Community data are commonly stored in a matrix with the sites as 
rows and species / operational taxonomic units (OTUs) as columns. The 
elements of the matrix are numeric values indicating the abundance/observations 
or presence/absence (0/1) of OTUs in different sites. In practice, such a matrix can contain many zero values because species are known to generally have unimodal distributions along environmental gradients [@TerBraak2004], and storing and analyzing every single element of that matrix can be computationally challenging and expensive. 

`phyloregion` differs from other R packages (e.g. vegan [@vegan], picante [@Kembel2010]
or betapart[@Baselga2012]) in that the data are not stored in a (dense) `matrix` or `data.frame` but as a sparse matrix making use of the infrastructure provided by the Matrix package [@Matrix]. A sparse matrix is a matrix with a high proportion of zero entries[@Duff1977], of which only the non-zero entries are stored and used for downstream analysis.

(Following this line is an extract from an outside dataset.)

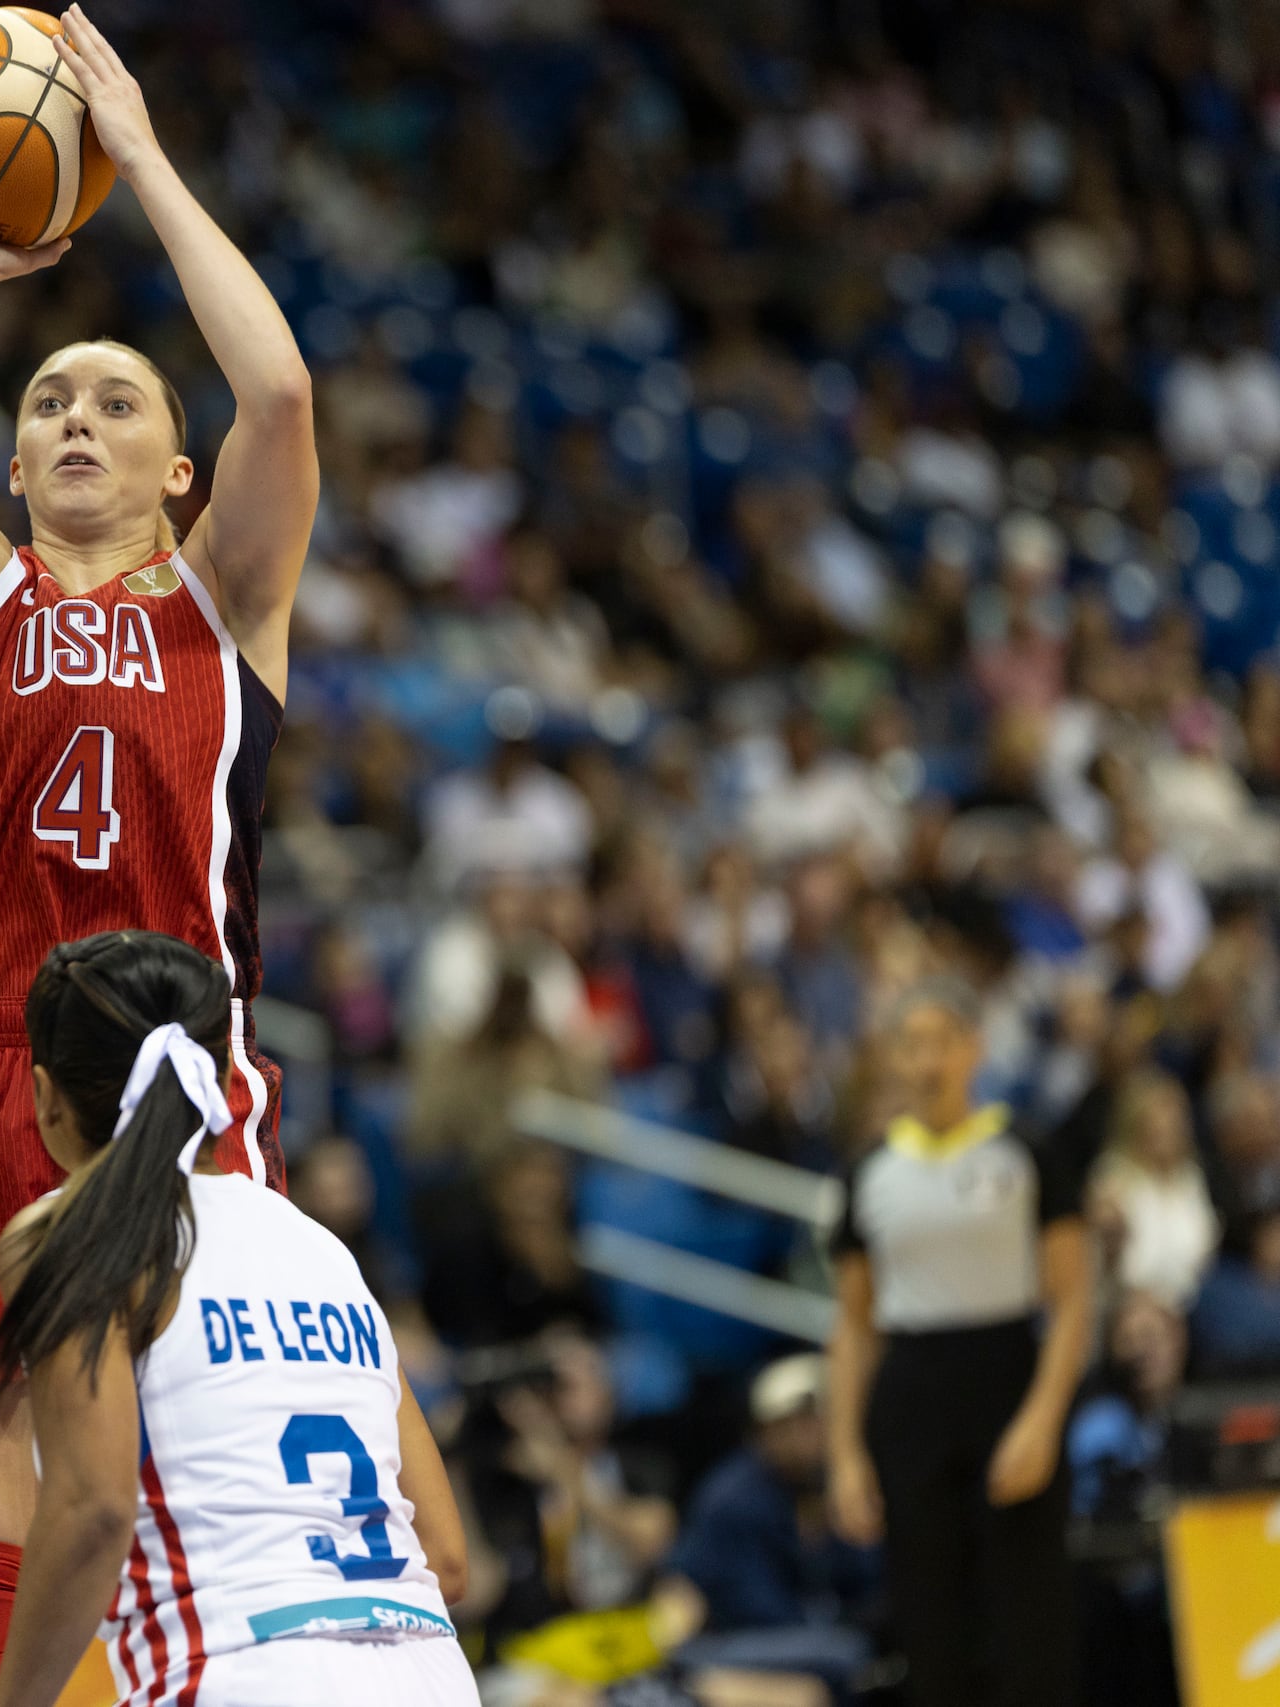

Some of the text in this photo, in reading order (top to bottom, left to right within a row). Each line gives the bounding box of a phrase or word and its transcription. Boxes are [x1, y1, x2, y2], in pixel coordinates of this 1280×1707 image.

[12, 598, 166, 696] USA
[33, 725, 121, 870] 4
[199, 1298, 381, 1369] DE LEON
[278, 1414, 409, 1582] 3

A sparse matrix representation has two advantages. First the community matrix 
can be stored in a much memory efficient manner, allowing analysis of larger 
datasets. Second, for very large datasets spanning thousands of taxa and spatial scales, 
computations with a sparse matrix are often much faster.  
The `phyloregion` package contains functions to conveniently change between data 
formats.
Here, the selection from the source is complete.